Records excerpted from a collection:
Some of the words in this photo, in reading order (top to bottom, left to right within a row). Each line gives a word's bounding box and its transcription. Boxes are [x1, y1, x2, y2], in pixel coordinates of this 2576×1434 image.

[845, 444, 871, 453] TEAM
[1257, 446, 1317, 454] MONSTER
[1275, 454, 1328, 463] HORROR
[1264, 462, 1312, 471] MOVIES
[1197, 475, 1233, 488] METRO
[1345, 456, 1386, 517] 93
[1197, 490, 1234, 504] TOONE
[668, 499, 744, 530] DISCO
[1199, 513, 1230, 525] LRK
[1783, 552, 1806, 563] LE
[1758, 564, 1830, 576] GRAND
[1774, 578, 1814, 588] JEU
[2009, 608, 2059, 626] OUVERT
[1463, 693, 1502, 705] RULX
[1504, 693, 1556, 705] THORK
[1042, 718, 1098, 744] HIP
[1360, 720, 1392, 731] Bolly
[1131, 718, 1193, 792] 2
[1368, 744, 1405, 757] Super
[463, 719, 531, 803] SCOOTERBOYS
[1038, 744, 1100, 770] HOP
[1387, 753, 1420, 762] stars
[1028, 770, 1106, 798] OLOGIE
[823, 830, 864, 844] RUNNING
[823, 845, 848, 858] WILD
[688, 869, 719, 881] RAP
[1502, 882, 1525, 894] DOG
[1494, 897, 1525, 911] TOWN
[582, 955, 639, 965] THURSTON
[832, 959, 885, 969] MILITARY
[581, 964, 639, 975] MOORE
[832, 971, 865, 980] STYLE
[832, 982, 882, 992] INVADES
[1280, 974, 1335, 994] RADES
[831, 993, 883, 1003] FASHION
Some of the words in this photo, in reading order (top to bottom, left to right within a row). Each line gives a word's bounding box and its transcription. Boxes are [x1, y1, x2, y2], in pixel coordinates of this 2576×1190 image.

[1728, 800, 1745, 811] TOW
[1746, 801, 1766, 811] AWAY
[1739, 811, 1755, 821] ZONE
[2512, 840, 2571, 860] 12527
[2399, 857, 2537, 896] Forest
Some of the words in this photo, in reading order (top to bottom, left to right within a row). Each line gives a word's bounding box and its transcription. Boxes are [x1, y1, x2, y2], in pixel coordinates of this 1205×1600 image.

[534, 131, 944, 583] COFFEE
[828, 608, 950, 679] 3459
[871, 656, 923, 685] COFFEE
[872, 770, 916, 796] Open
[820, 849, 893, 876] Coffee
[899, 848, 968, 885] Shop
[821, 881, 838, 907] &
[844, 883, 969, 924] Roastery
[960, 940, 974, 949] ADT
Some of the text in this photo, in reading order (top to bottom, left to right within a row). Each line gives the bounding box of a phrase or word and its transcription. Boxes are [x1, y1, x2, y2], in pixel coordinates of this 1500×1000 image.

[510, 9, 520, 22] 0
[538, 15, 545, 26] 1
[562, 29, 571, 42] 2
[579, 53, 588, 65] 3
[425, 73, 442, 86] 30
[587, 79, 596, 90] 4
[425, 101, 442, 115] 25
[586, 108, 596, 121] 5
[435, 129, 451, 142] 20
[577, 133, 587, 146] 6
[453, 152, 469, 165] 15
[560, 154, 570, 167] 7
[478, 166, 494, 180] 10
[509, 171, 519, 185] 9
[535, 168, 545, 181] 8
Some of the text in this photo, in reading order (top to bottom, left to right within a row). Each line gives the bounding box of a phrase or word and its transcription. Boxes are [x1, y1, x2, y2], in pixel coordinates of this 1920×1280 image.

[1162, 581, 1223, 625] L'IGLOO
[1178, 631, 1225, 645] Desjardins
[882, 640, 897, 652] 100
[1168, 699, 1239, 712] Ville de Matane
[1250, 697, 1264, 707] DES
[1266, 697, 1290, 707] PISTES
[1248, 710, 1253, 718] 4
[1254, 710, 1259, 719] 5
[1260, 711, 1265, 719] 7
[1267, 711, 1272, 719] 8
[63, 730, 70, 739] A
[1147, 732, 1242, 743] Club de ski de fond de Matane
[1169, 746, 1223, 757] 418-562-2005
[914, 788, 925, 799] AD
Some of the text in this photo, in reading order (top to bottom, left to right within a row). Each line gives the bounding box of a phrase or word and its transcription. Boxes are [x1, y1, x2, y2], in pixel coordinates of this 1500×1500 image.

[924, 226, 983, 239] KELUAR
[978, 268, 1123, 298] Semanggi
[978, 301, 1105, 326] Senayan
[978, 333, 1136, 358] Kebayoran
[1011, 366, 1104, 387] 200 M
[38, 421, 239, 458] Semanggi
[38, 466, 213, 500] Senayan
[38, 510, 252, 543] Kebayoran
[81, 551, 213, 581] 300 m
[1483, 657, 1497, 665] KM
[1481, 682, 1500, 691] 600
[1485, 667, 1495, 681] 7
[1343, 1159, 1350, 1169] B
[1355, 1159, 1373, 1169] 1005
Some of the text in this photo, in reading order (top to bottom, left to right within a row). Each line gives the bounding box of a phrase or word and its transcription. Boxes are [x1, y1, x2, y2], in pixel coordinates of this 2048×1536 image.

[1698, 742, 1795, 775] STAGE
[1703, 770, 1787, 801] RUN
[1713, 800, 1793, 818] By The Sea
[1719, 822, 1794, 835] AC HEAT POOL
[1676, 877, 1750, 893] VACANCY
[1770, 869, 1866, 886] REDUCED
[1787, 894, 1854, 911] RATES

* What to do *
Would you mind giving all the records again exactly?

* Result of this task *
Some of the words in this photo, in reading order (top to bottom, left to right within a row). Each line gives a word's bounding box and its transcription. Boxes are [x1, y1, x2, y2], in pixel coordinates of this 2576×1434 image.

[845, 444, 871, 453] TEAM
[1257, 446, 1317, 454] MONSTER
[1275, 454, 1328, 463] HORROR
[1264, 462, 1312, 471] MOVIES
[1197, 475, 1233, 488] METRO
[1345, 456, 1386, 517] 93
[1197, 490, 1234, 504] TOONE
[668, 499, 744, 530] DISCO
[1199, 513, 1230, 525] LRK
[1783, 552, 1806, 563] LE
[1758, 564, 1830, 576] GRAND
[1774, 578, 1814, 588] JEU
[2009, 608, 2059, 626] OUVERT
[1463, 693, 1502, 705] RULX
[1504, 693, 1556, 705] THORK
[1042, 718, 1098, 744] HIP
[1360, 720, 1392, 731] Bolly
[1131, 718, 1193, 792] 2
[1368, 744, 1405, 757] Super
[463, 719, 531, 803] SCOOTERBOYS
[1038, 744, 1100, 770] HOP
[1387, 753, 1420, 762] stars
[1028, 770, 1106, 798] OLOGIE
[823, 830, 864, 844] RUNNING
[823, 845, 848, 858] WILD
[688, 869, 719, 881] RAP
[1502, 882, 1525, 894] DOG
[1494, 897, 1525, 911] TOWN
[582, 955, 639, 965] THURSTON
[832, 959, 885, 969] MILITARY
[581, 964, 639, 975] MOORE
[832, 971, 865, 980] STYLE
[832, 982, 882, 992] INVADES
[1280, 974, 1335, 994] RADES
[831, 993, 883, 1003] FASHION
Some of the words in this photo, in reading order (top to bottom, left to right within a row). Each line gives a word's bounding box and its transcription. Boxes are [x1, y1, x2, y2], in pixel coordinates of this 2576×1190 image.

[1728, 800, 1745, 811] TOW
[1746, 801, 1766, 811] AWAY
[1739, 811, 1755, 821] ZONE
[2512, 840, 2571, 860] 12527
[2399, 857, 2537, 896] Forest
Some of the words in this photo, in reading order (top to bottom, left to right within a row). Each line gives a word's bounding box and its transcription. Boxes are [x1, y1, x2, y2], in pixel coordinates of this 1205×1600 image.

[534, 131, 944, 583] COFFEE
[828, 608, 950, 679] 3459
[871, 656, 923, 685] COFFEE
[872, 770, 916, 796] Open
[820, 849, 893, 876] Coffee
[899, 848, 968, 885] Shop
[821, 881, 838, 907] &
[844, 883, 969, 924] Roastery
[960, 940, 974, 949] ADT
Some of the text in this photo, in reading order (top to bottom, left to right within a row). Each line gives the bounding box of a phrase or word and its transcription. Boxes are [x1, y1, x2, y2], in pixel coordinates of this 1500×1000 image.

[510, 9, 520, 22] 0
[538, 15, 545, 26] 1
[562, 29, 571, 42] 2
[579, 53, 588, 65] 3
[425, 73, 442, 86] 30
[587, 79, 596, 90] 4
[425, 101, 442, 115] 25
[586, 108, 596, 121] 5
[435, 129, 451, 142] 20
[577, 133, 587, 146] 6
[453, 152, 469, 165] 15
[560, 154, 570, 167] 7
[478, 166, 494, 180] 10
[509, 171, 519, 185] 9
[535, 168, 545, 181] 8
Some of the text in this photo, in reading order (top to bottom, left to right within a row). Each line gives the bounding box of a phrase or word and its transcription. Boxes are [x1, y1, x2, y2], in pixel coordinates of this 1920×1280 image.

[1162, 581, 1223, 625] L'IGLOO
[1178, 631, 1225, 645] Desjardins
[882, 640, 897, 652] 100
[1168, 699, 1239, 712] Ville de Matane
[1250, 697, 1264, 707] DES
[1266, 697, 1290, 707] PISTES
[1248, 710, 1253, 718] 4
[1254, 710, 1259, 719] 5
[1260, 711, 1265, 719] 7
[1267, 711, 1272, 719] 8
[63, 730, 70, 739] A
[1147, 732, 1242, 743] Club de ski de fond de Matane
[1169, 746, 1223, 757] 418-562-2005
[914, 788, 925, 799] AD
Some of the text in this photo, in reading order (top to bottom, left to right within a row). Each line gives the bounding box of a phrase or word and its transcription. Boxes are [x1, y1, x2, y2], in pixel coordinates of this 1500×1500 image.

[924, 226, 983, 239] KELUAR
[978, 268, 1123, 298] Semanggi
[978, 301, 1105, 326] Senayan
[978, 333, 1136, 358] Kebayoran
[1011, 366, 1104, 387] 200 M
[38, 421, 239, 458] Semanggi
[38, 466, 213, 500] Senayan
[38, 510, 252, 543] Kebayoran
[81, 551, 213, 581] 300 m
[1483, 657, 1497, 665] KM
[1481, 682, 1500, 691] 600
[1485, 667, 1495, 681] 7
[1343, 1159, 1350, 1169] B
[1355, 1159, 1373, 1169] 1005
Some of the text in this photo, in reading order (top to bottom, left to right within a row). Each line gives the bounding box of a phrase or word and its transcription. Boxes are [x1, y1, x2, y2], in pixel coordinates of this 2048×1536 image.

[1698, 742, 1795, 775] STAGE
[1703, 770, 1787, 801] RUN
[1713, 800, 1793, 818] By The Sea
[1719, 822, 1794, 835] AC HEAT POOL
[1676, 877, 1750, 893] VACANCY
[1770, 869, 1866, 886] REDUCED
[1787, 894, 1854, 911] RATES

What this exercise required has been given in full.